◆ RAW DATA:
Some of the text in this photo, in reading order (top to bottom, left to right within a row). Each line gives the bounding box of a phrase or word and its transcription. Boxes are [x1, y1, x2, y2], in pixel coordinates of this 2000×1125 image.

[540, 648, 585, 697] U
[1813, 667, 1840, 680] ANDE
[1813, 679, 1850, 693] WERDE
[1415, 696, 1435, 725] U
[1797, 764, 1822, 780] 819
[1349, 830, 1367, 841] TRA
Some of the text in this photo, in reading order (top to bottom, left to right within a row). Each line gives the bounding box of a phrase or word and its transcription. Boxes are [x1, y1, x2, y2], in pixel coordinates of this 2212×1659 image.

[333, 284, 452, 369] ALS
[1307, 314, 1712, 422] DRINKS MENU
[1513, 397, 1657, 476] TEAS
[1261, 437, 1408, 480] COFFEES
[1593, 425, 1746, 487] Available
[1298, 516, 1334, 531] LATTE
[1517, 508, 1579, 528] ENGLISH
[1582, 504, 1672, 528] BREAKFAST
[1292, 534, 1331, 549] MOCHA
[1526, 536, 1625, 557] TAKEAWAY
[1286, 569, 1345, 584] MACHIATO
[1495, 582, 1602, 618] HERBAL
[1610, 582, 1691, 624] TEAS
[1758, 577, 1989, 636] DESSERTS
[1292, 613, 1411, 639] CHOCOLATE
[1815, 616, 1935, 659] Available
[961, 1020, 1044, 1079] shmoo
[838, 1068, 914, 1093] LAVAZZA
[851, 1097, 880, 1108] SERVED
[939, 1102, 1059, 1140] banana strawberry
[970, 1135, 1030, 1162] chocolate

◆ PROMPT: Would you reproduce the full listing shown above, word for word?

◆ RESPONSE FOR THIS EXERCISE:
Some of the text in this photo, in reading order (top to bottom, left to right within a row). Each line gives the bounding box of a phrase or word and its transcription. Boxes are [x1, y1, x2, y2], in pixel coordinates of this 2000×1125 image.

[540, 648, 585, 697] U
[1813, 667, 1840, 680] ANDE
[1813, 679, 1850, 693] WERDE
[1415, 696, 1435, 725] U
[1797, 764, 1822, 780] 819
[1349, 830, 1367, 841] TRA
Some of the text in this photo, in reading order (top to bottom, left to right within a row). Each line gives the bounding box of a phrase or word and its transcription. Boxes are [x1, y1, x2, y2], in pixel coordinates of this 2212×1659 image.

[333, 284, 452, 369] ALS
[1307, 314, 1712, 422] DRINKS MENU
[1513, 397, 1657, 476] TEAS
[1261, 437, 1408, 480] COFFEES
[1593, 425, 1746, 487] Available
[1298, 516, 1334, 531] LATTE
[1517, 508, 1579, 528] ENGLISH
[1582, 504, 1672, 528] BREAKFAST
[1292, 534, 1331, 549] MOCHA
[1526, 536, 1625, 557] TAKEAWAY
[1286, 569, 1345, 584] MACHIATO
[1495, 582, 1602, 618] HERBAL
[1610, 582, 1691, 624] TEAS
[1758, 577, 1989, 636] DESSERTS
[1292, 613, 1411, 639] CHOCOLATE
[1815, 616, 1935, 659] Available
[961, 1020, 1044, 1079] shmoo
[838, 1068, 914, 1093] LAVAZZA
[851, 1097, 880, 1108] SERVED
[939, 1102, 1059, 1140] banana strawberry
[970, 1135, 1030, 1162] chocolate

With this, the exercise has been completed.